Millimeter-wave imaging is very interesting due to its unique transmission properties through a broad range of atmospheric obscurants such as cloud, dust, fog, sandstorms, and smoke, which thereby enables all-weather passive imaging. Unfortunately, the usefulness of millimeter-wave imagers is often limited by the large aperture sizes required to obtain images of sufficient resolution, as governed by the diffraction limit. To this end, we previously proposed a distributed aperture system for direct non-scan millimeter-wave imaging using an optical upconversion technique. In this proposed approach, an antenna array is employed to sample image signals in the millimeter-wave domain. The sampled millimeter-wave signals are then upconverted to the optical domain using electro-optic modulation techniques. These optical signals are mapped into a similar array on the entrance pupil of the following optical system for direct imaging. Although distributed aperture imaging is not new in both radio astronomy and conventional optical inteferometric imaging, the proposed approach is different in that it physically samples image in the millimeter-wave domain and directly forms the image in the optical domain. Therefore, specific analysis and evaluation techniques are required for the design and optimization of the proposed system. In this paper, we will address these issues, develop techniques to evaluate and enhance the system imaging performance and present methods to optimize the geometric configuration.

Paper Details

Date Published: 2 October 2008
PDF: 11 pages
Proc.

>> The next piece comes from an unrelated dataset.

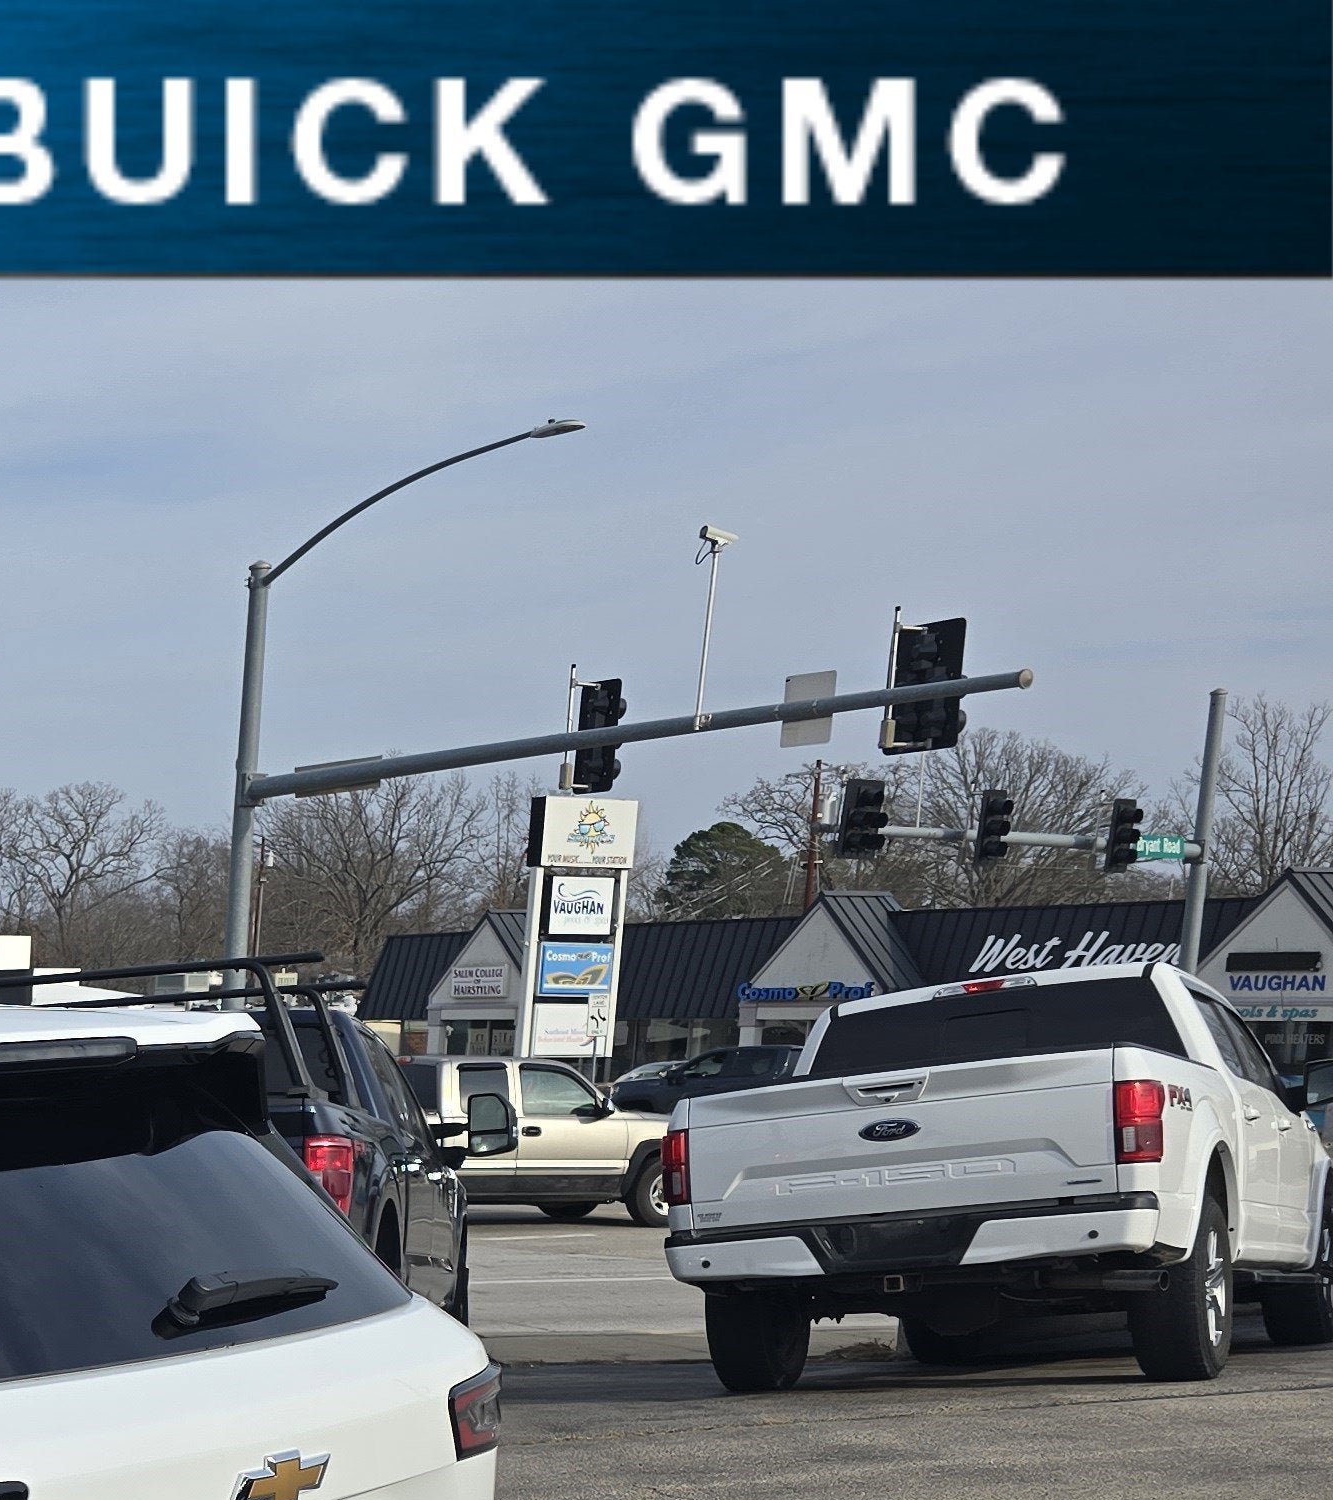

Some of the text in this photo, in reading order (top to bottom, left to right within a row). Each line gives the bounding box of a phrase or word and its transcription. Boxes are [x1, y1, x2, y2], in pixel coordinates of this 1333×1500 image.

SPIE 7117, Millimetre Wave and Terahertz Sensors and Technology, 711706 (2 October 2008); doi: 10.1117/12.801527
Show Author Affiliations
Caihua Chen, Univ. of Delaware (United States)

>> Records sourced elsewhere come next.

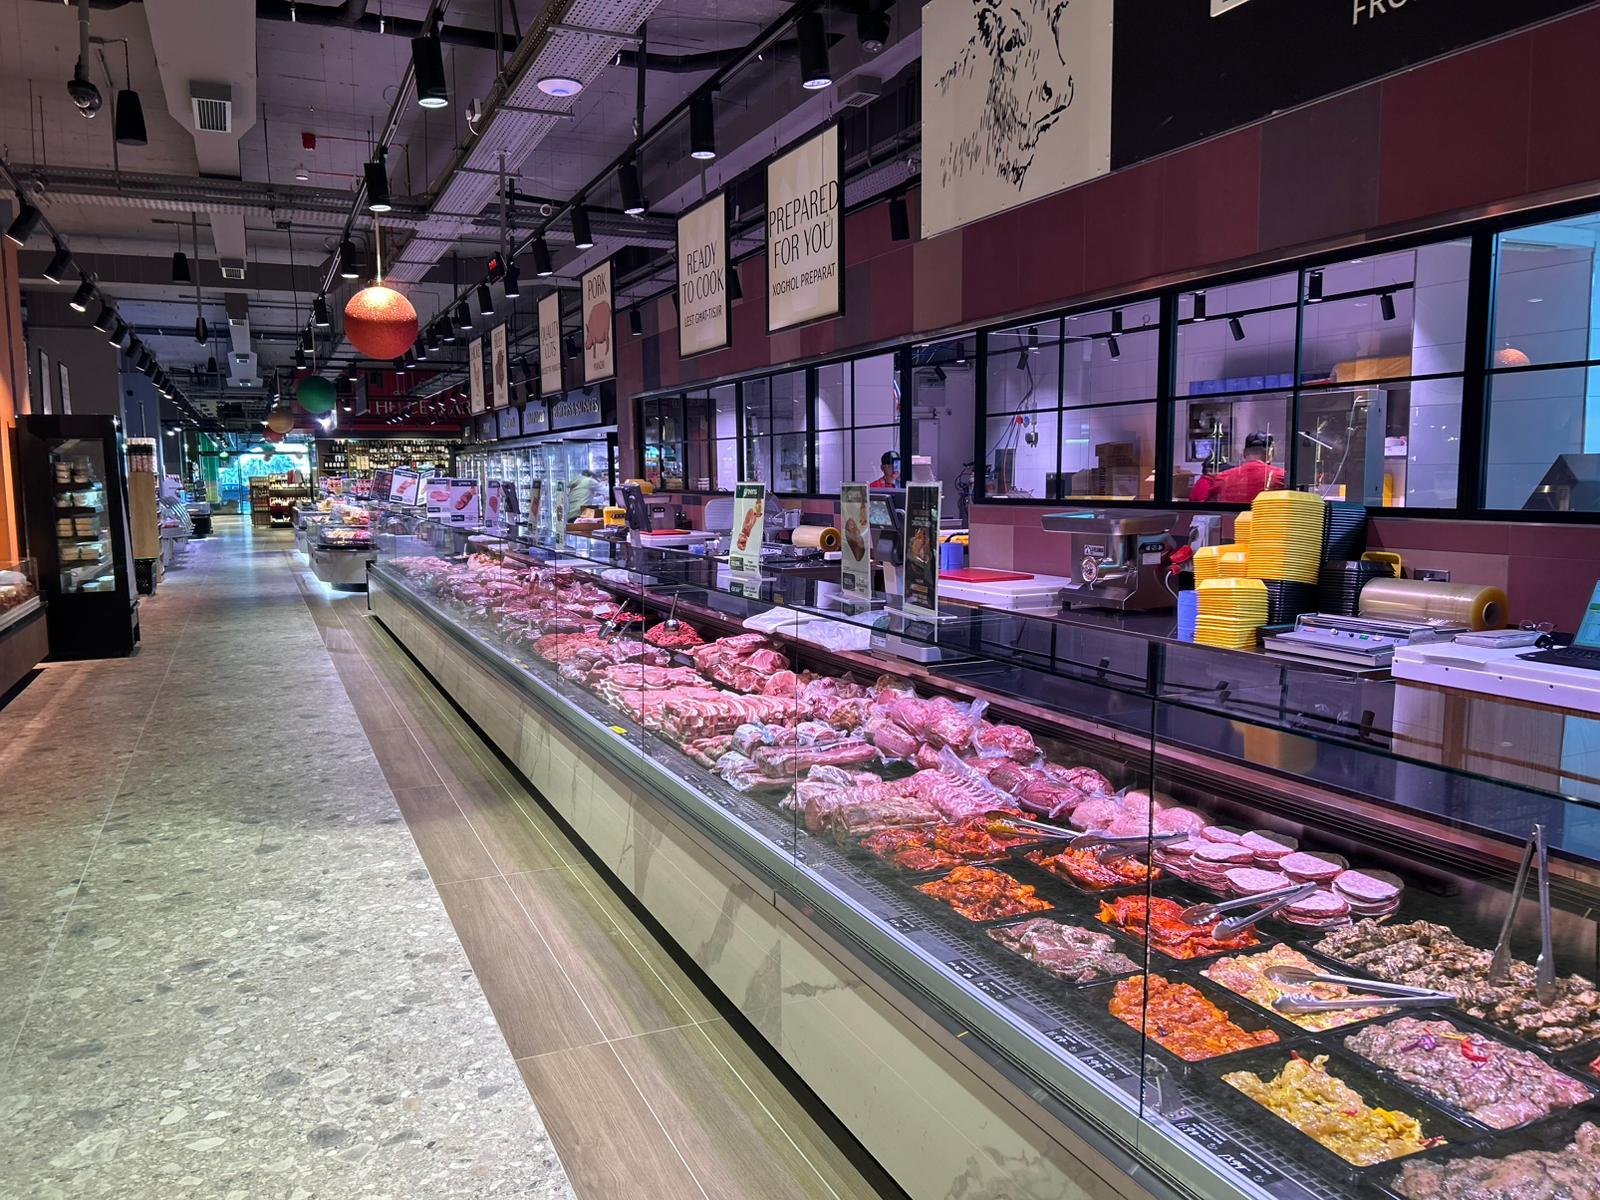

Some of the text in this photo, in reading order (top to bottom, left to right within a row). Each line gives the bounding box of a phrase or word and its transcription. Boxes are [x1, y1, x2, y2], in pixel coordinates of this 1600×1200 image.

[769, 180, 839, 238] PREPARED
[686, 240, 717, 276] READY
[774, 218, 834, 269] FOR YOU
[587, 272, 607, 301] PORK
[682, 267, 724, 305] TO COOK
[800, 262, 836, 287] PREPARAT
[540, 319, 559, 346] QUALITY

Christopher A. Schuetz, Phase Sensitive Innovations, Inc. (United States)
Richard D. Martin, Phase Sensitive Innovations, Inc. (United States)
Jesse Samluk, Univ. of Delaware (United States)
E. Lee Stein, Univ. of Delaware (United States)
Daniel G. MacKrides, Univ. of Delaware (United States)
Mark Mirotznik, The Catholic Univ. of America (United States)
Dennis W. Prather, Univ. of Delaware (United States)


Published in SPIE Proceedings Vol. 7117:
Millimetre Wave and Terahertz Sensors and Technology
Keith A. Krapels; Neil A. Salmon, Editor(s)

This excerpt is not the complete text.